Motorola Mobility Changes Tactics, Axes 4,000 Jobs
The new management wants to make fewer, better smartphones
Google-owned Motorola Mobility has announced it will lay off 4,000 employees, or 20 percent of its workforce, as part of restructuring measures designed to make the company profitable again. It will also shut down a third of its offices, the majority in Asia and India.
Motorola plans to leave unprofitable markets, decrease the number of devices it manufactures and focus on a few hi-end smartphones, an approach which has been pioneered by Apple and adopted by its competitors Samsung and HTC.
The walking papers
Google completed its £8 billion acquisition of Motorola Mobility in May. The deal gave the search giant an opportunity to expand into hardware, and armed it with over 17,000 patents.
“Motorola is a great American tech company that has driven the mobile revolution, with a track record of over 80 years of innovation, including the creation of the first cell phone. And as a company who made a big, early bet on Android, Motorola has become an incredibly valuable partner to Google,” said Google CEO Larry Page in a blog post following the acquisition.
Three months on, and Google is taking decisive measures to get the failing company back on track. Despite the transition to Android, Motorola’s phone business has been unprofitable for 14 of the last 16 quarters.
According to New York Times, as a result of the changes Motorola Mobility will focus on manufacturing just a few quality devices, instead of 27 it launched last year. At the heart of the development process will be the new department of Advanced Technology and Projects, led by Regina Dugan, who previously worked for US Defense Advanced Research Projects Agency (DARPA).

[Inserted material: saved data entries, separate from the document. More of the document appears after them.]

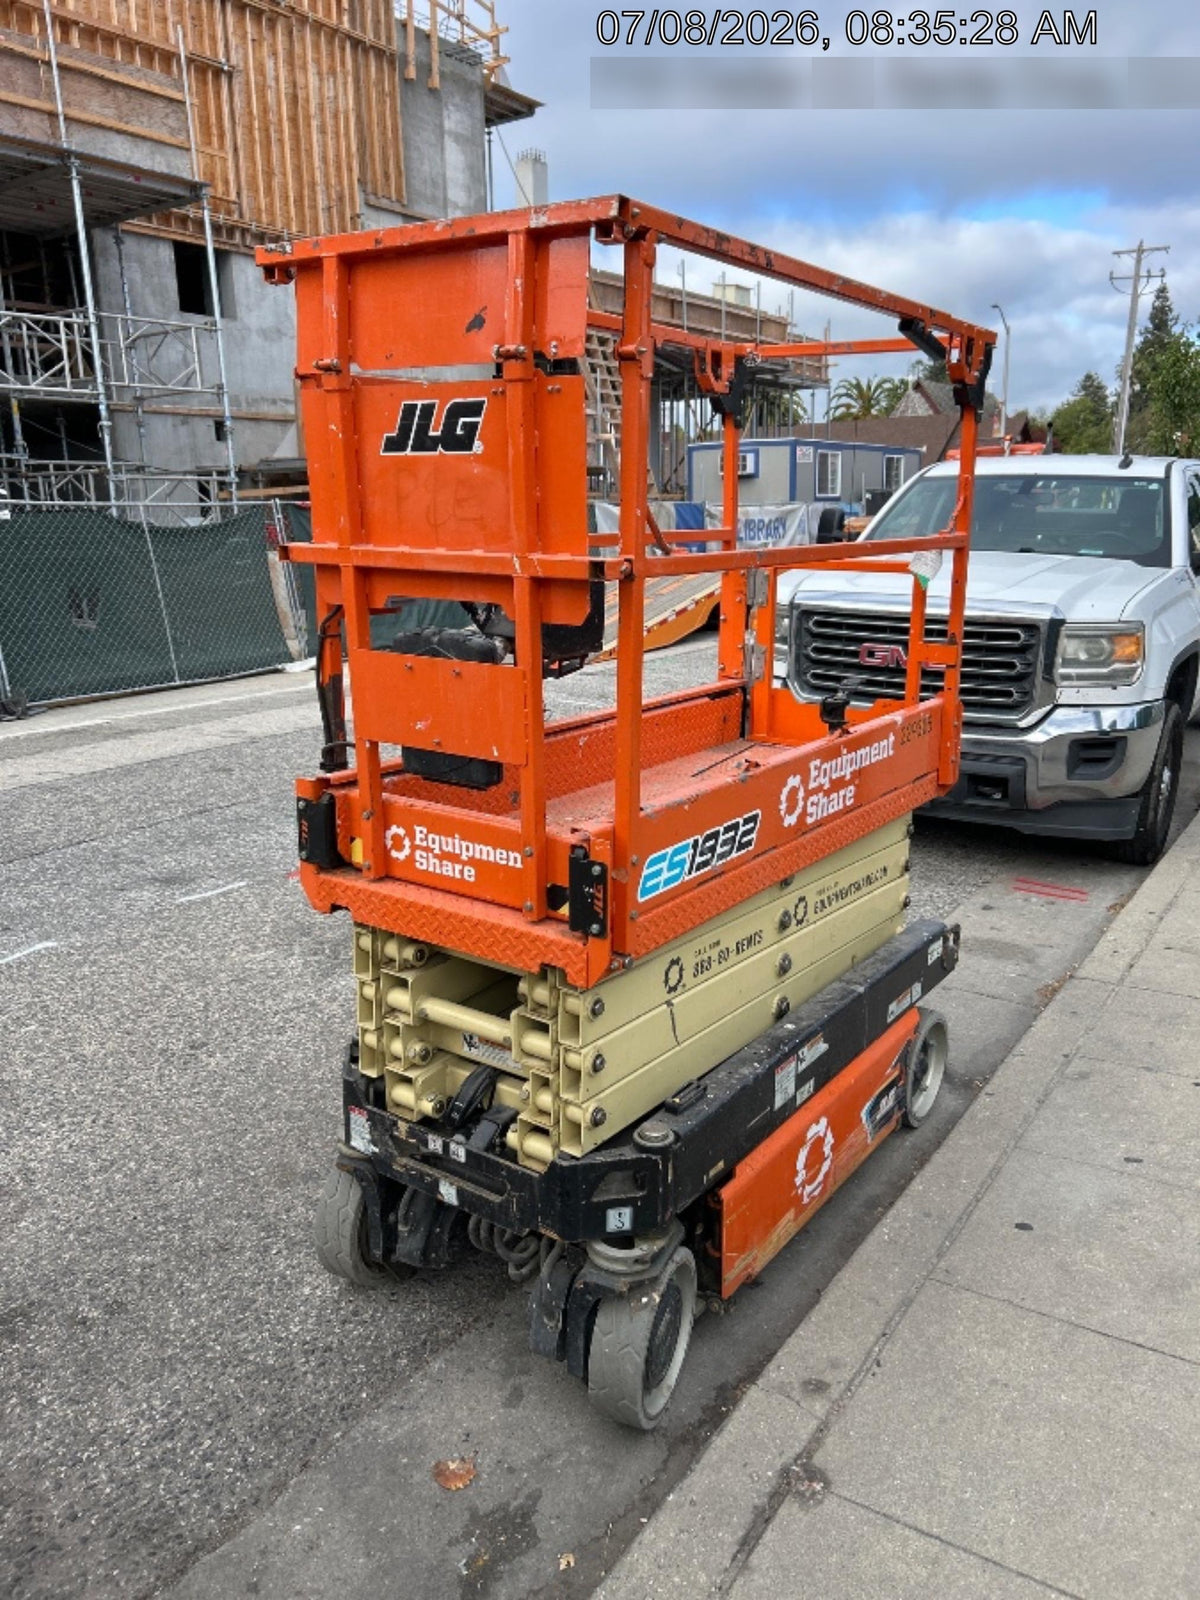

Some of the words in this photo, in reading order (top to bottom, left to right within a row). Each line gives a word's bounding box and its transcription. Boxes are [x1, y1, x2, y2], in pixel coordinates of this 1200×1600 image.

[380, 397, 488, 456] JLG
[808, 732, 895, 790] Equipment
[806, 785, 856, 824] Share
[414, 825, 523, 868] Equipmen
[415, 849, 475, 882] Share
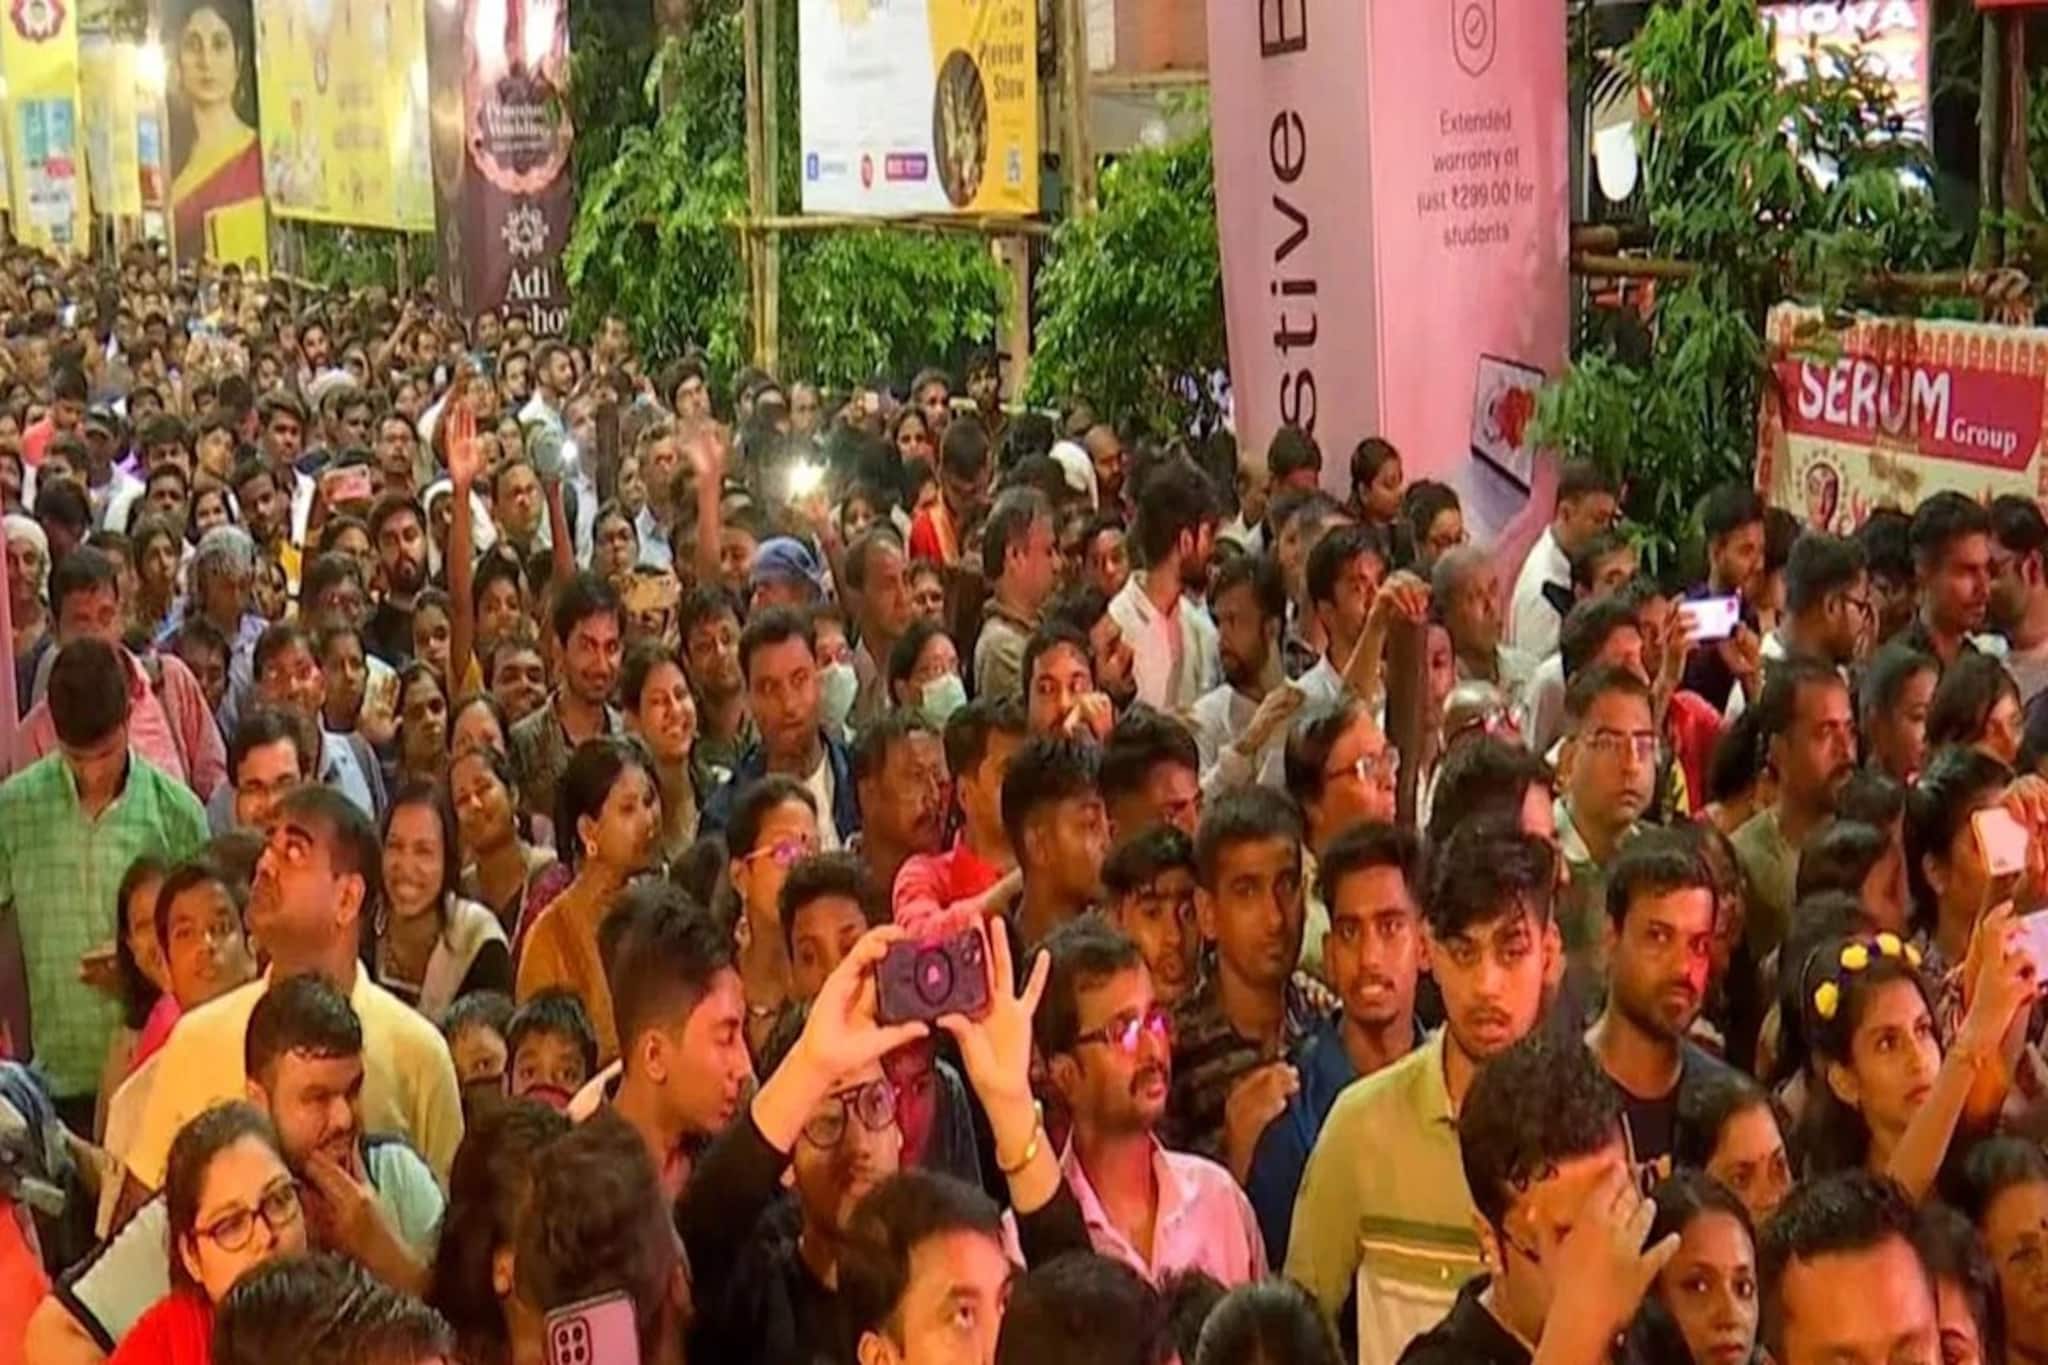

“We’re excited about the smartphone business,” Motorola CEO Denis Woodside told the New York Times. “The Google business is built on a wired model, and as the world moves to a pretty much completely wireless model over time, it’s really going to be important for Google to understand everything about the mobile consumer.”
The company said it will take care of the terminated employees, “providing generous severance packages, as well as outplacement services to help people find new jobs.”
According to market researcher IDC, Android has emerged as the most popular operating system on smartphones, with 68.1 percent of the global market share in the second quarter of the year, while iOS claimed a 16.9 percent share.
However, this popularity and the open nature of the platform have caused an explosive growth of malware. Finnish security firm F-Secure found 5033 malicious Android application files in the second quarter of 2012, representing a 64 percent increase. It also found 19 new malware families and 21 fresh variants of existing Android malware.
“Android malware is on the rise because simply because there are more opportunities out there to exploit. As the Android OS market share continues to surpass Apple’s, the criminals have more devices to target and a higher chance of success,” said Sean Sullivan, security advisor at F-Secure.